◆ Problem details
Images are to be omitted, and the rest of the records reproduced exactly.

◆ Information provided
= = =

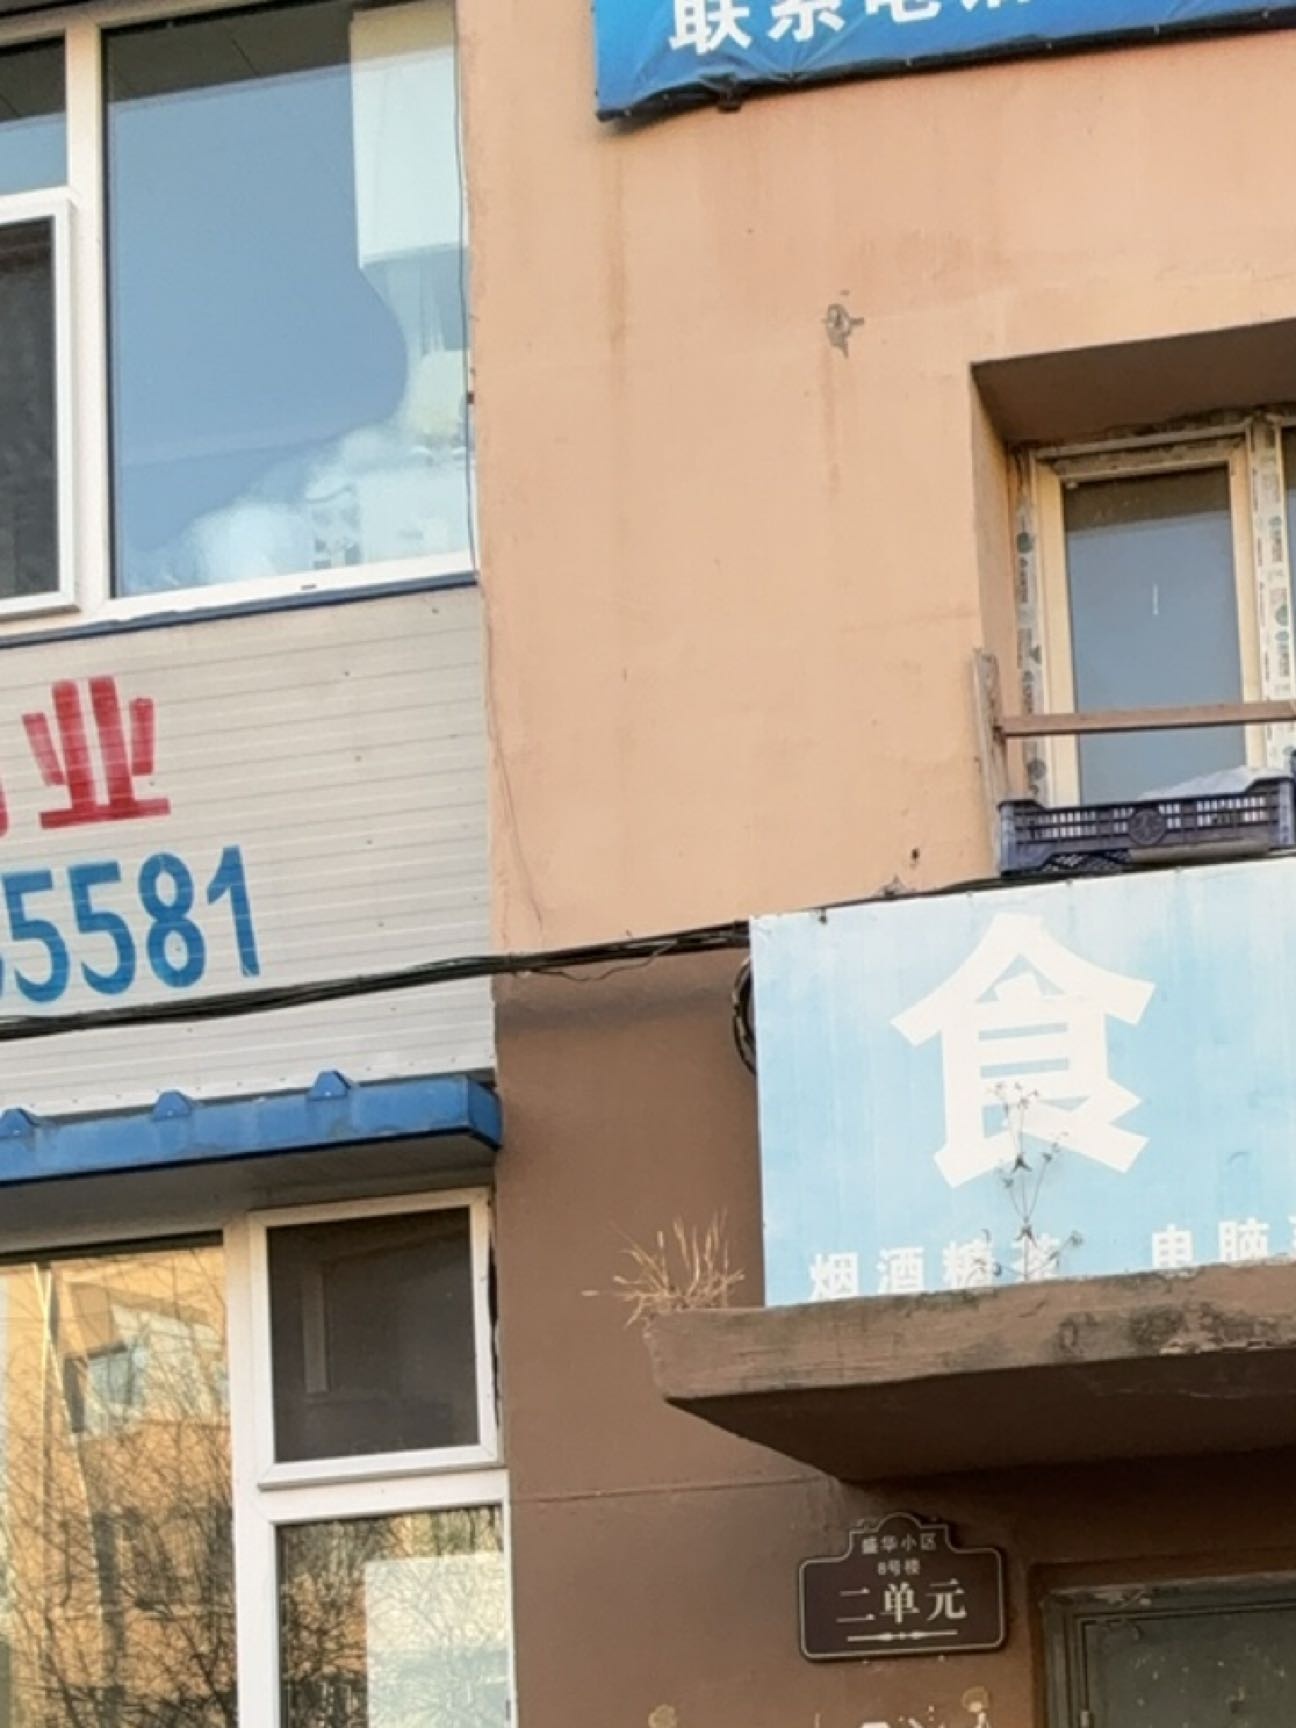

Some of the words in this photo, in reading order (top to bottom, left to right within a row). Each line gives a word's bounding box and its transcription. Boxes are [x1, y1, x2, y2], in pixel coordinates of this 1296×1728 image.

[668, 0, 1028, 54] 联系
[0, 676, 171, 830] 业
[0, 844, 260, 1003] 5581
[835, 1577, 968, 1624] 二单元
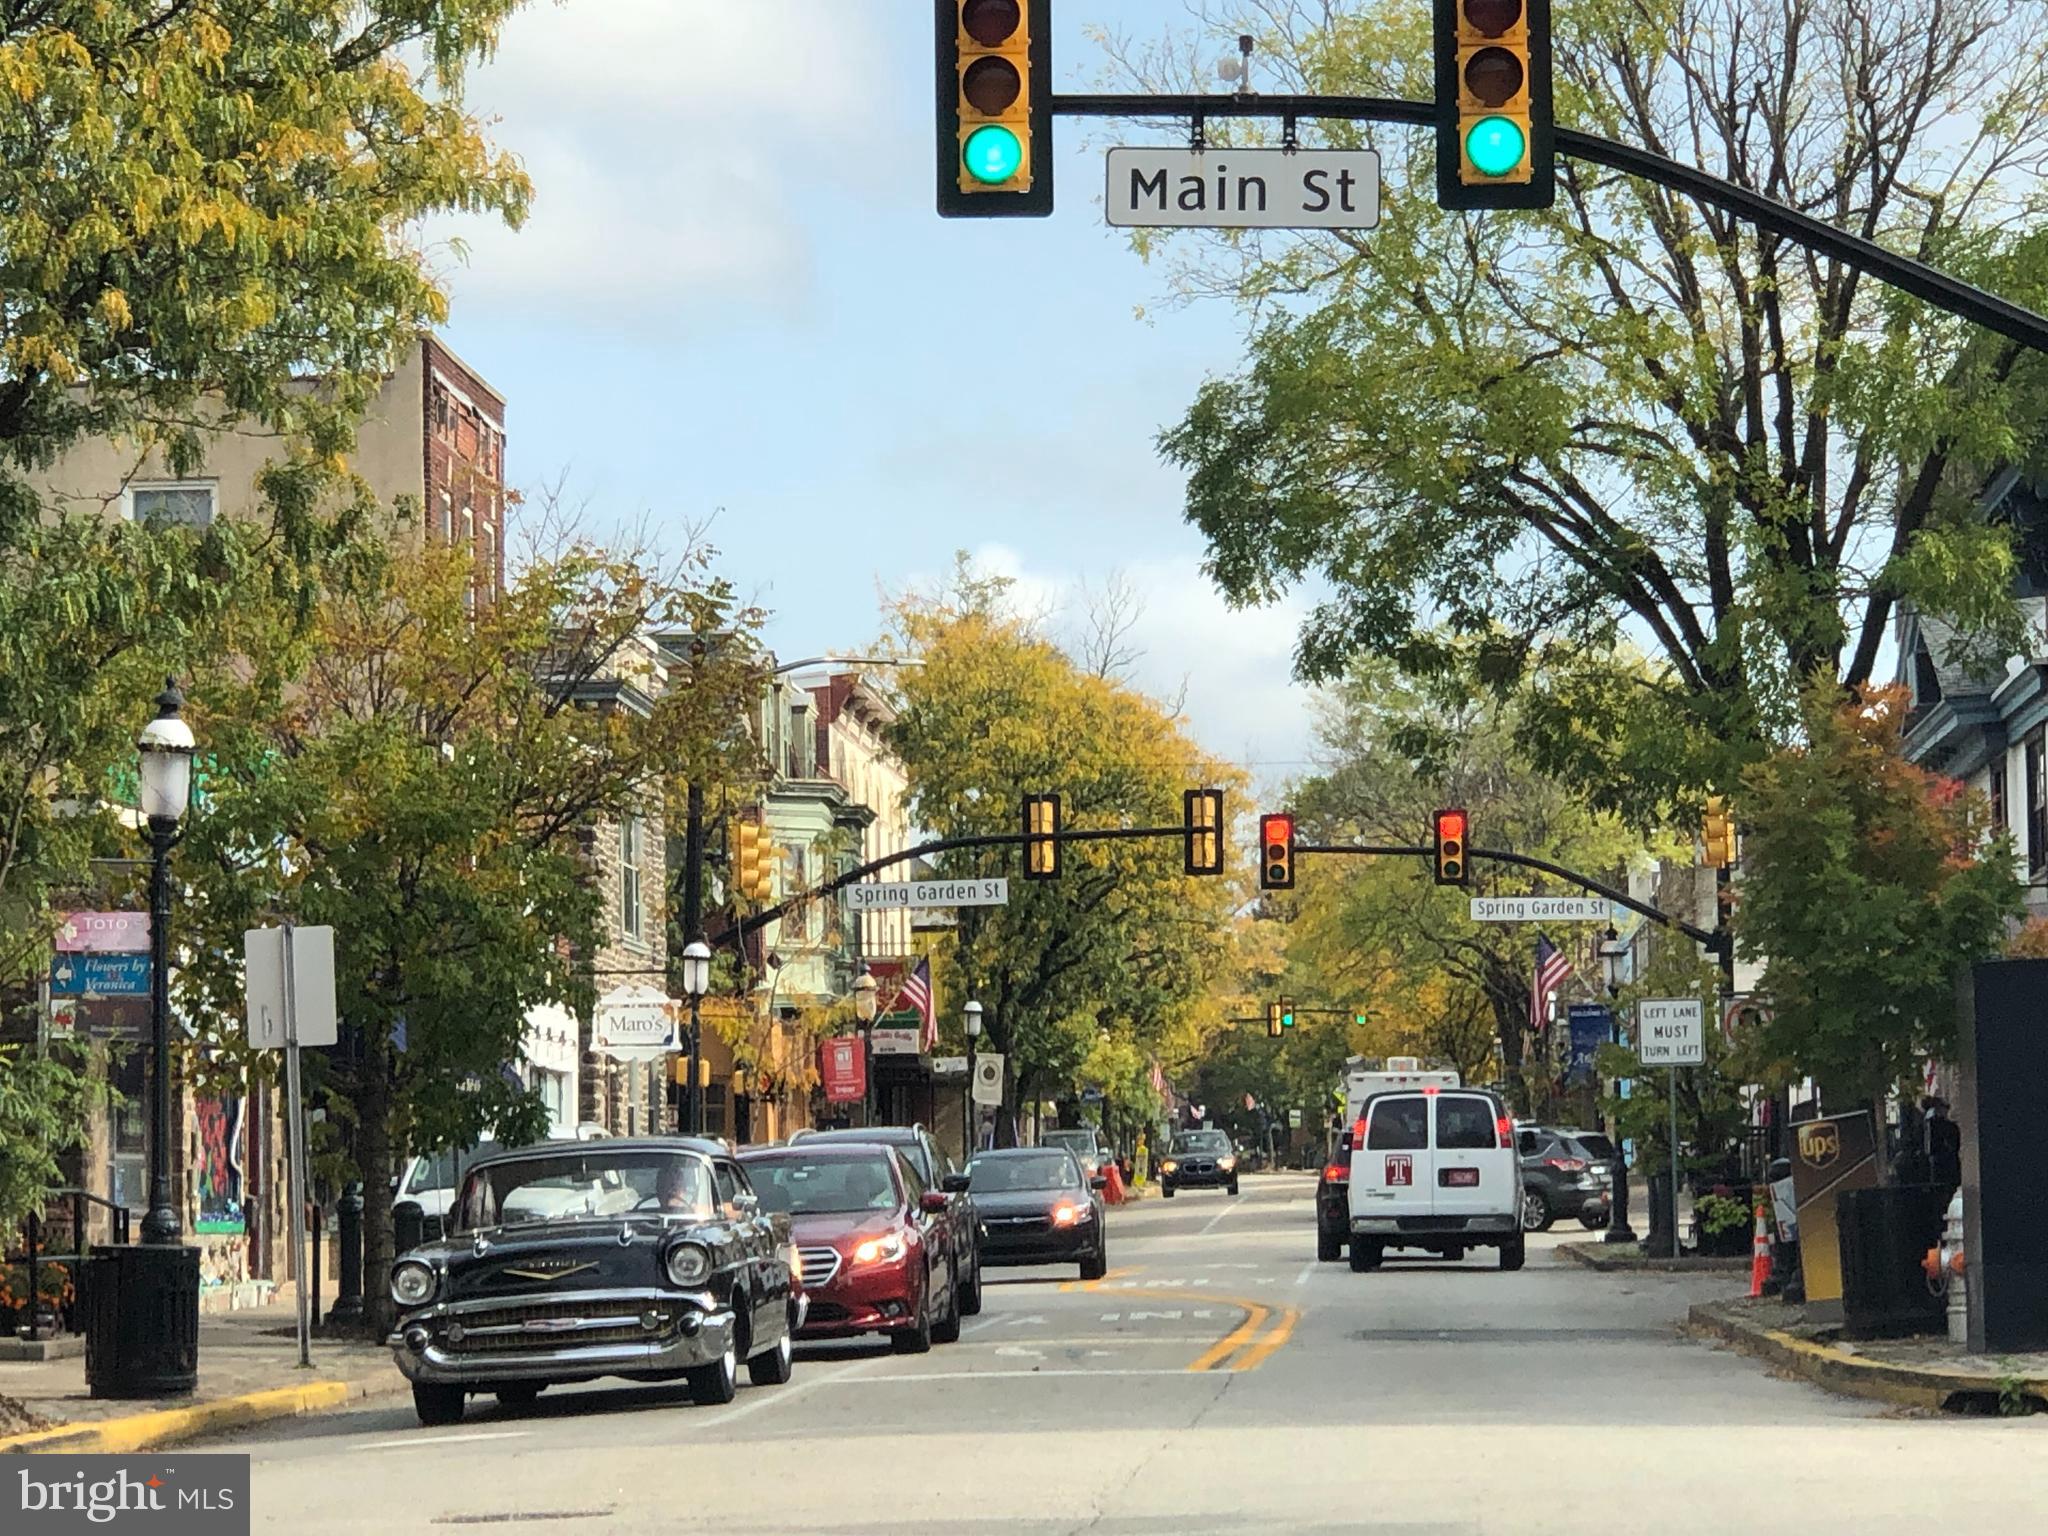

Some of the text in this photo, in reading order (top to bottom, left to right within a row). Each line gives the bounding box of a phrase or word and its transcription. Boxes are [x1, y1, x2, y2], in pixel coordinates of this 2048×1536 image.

[1129, 164, 1356, 212] Main St
[854, 882, 1000, 906] Spring Garden St
[1478, 901, 1604, 918] Spring Garden St
[84, 958, 147, 976] Flowers by
[85, 977, 135, 990] Veronica
[1644, 1007, 1697, 1018] LEFT LANE
[610, 1015, 663, 1032] Maro's
[1654, 1025, 1688, 1038] MUST
[1644, 1045, 1699, 1056] TURN LEFT
[1802, 1136, 1838, 1162] ups
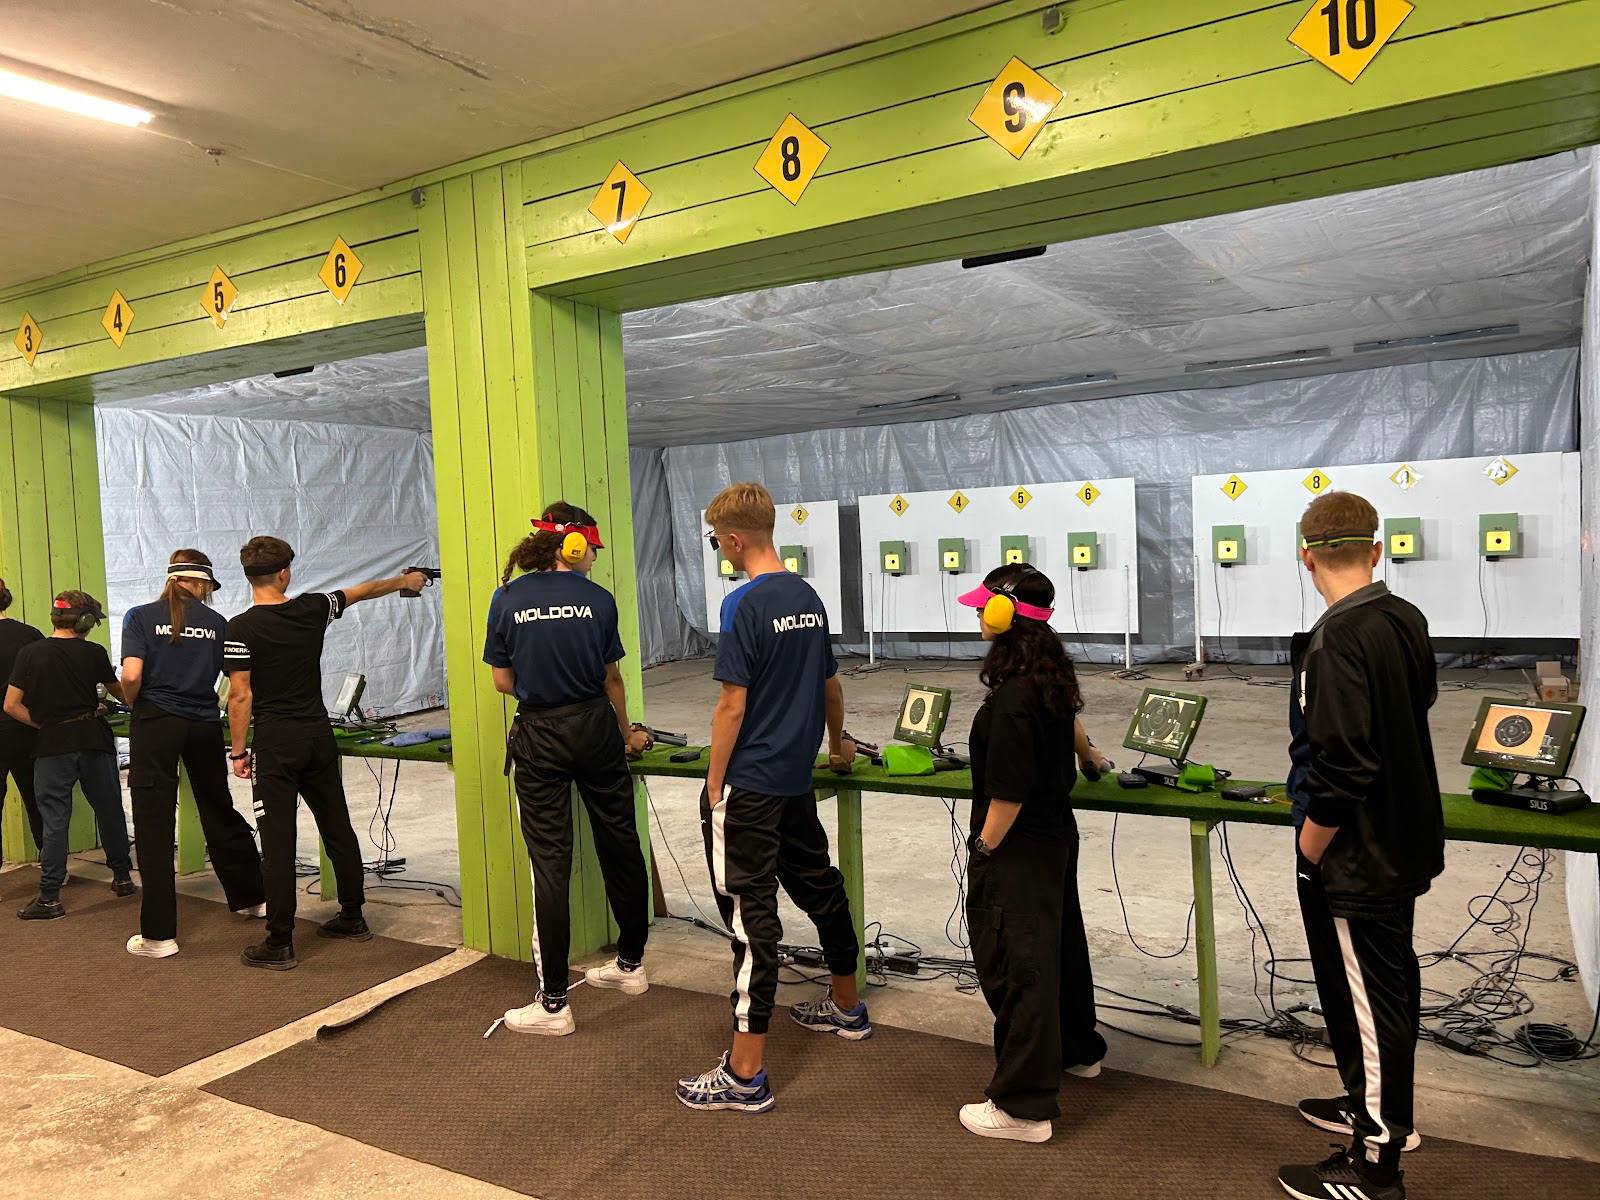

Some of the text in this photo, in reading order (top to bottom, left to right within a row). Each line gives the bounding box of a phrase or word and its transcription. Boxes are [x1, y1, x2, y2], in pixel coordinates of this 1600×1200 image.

[1320, 0, 1376, 56] 10
[1002, 81, 1027, 133] 9
[781, 135, 801, 182] 8
[611, 180, 626, 222] 7
[334, 253, 347, 288] 6
[213, 281, 225, 314] 5
[113, 303, 123, 333] 4
[24, 325, 33, 353] 3
[1229, 480, 1238, 495] 7
[1312, 475, 1321, 489] 8
[955, 496, 962, 508] 4
[1017, 491, 1024, 504] 5
[1084, 487, 1092, 501] 6
[797, 509, 803, 521] 2
[895, 499, 902, 512] 3
[514, 605, 593, 625] MOLDOVA
[772, 613, 824, 633] MOLDOV

= = =

◆ Exercise solution
Some of the words in this photo, in reading order (top to bottom, left to right within a row). Each line gives a word's bounding box and its transcription. Boxes are [x1, y1, x2, y2], in pixel coordinates of this 1296×1728 image.

[668, 0, 1028, 54] 联系
[0, 676, 171, 830] 业
[0, 844, 260, 1003] 5581
[835, 1577, 968, 1624] 二单元

Some of the text in this photo, in reading order (top to bottom, left to right within a row). Each line gives the bounding box of a phrase or word and its transcription. Boxes are [x1, y1, x2, y2], in pixel coordinates of this 2048×1536 image.

[1129, 164, 1356, 212] Main St
[854, 882, 1000, 906] Spring Garden St
[1478, 901, 1604, 918] Spring Garden St
[84, 958, 147, 976] Flowers by
[85, 977, 135, 990] Veronica
[1644, 1007, 1697, 1018] LEFT LANE
[610, 1015, 663, 1032] Maro's
[1654, 1025, 1688, 1038] MUST
[1644, 1045, 1699, 1056] TURN LEFT
[1802, 1136, 1838, 1162] ups

Some of the text in this photo, in reading order (top to bottom, left to right within a row). Each line gives the bounding box of a phrase or word and its transcription. Boxes are [x1, y1, x2, y2], in pixel coordinates of this 1600×1200 image.

[1320, 0, 1376, 56] 10
[1002, 81, 1027, 133] 9
[781, 135, 801, 182] 8
[611, 180, 626, 222] 7
[334, 253, 347, 288] 6
[213, 281, 225, 314] 5
[113, 303, 123, 333] 4
[24, 325, 33, 353] 3
[1229, 480, 1238, 495] 7
[1312, 475, 1321, 489] 8
[955, 496, 962, 508] 4
[1017, 491, 1024, 504] 5
[1084, 487, 1092, 501] 6
[797, 509, 803, 521] 2
[895, 499, 902, 512] 3
[514, 605, 593, 625] MOLDOVA
[772, 613, 824, 633] MOLDOV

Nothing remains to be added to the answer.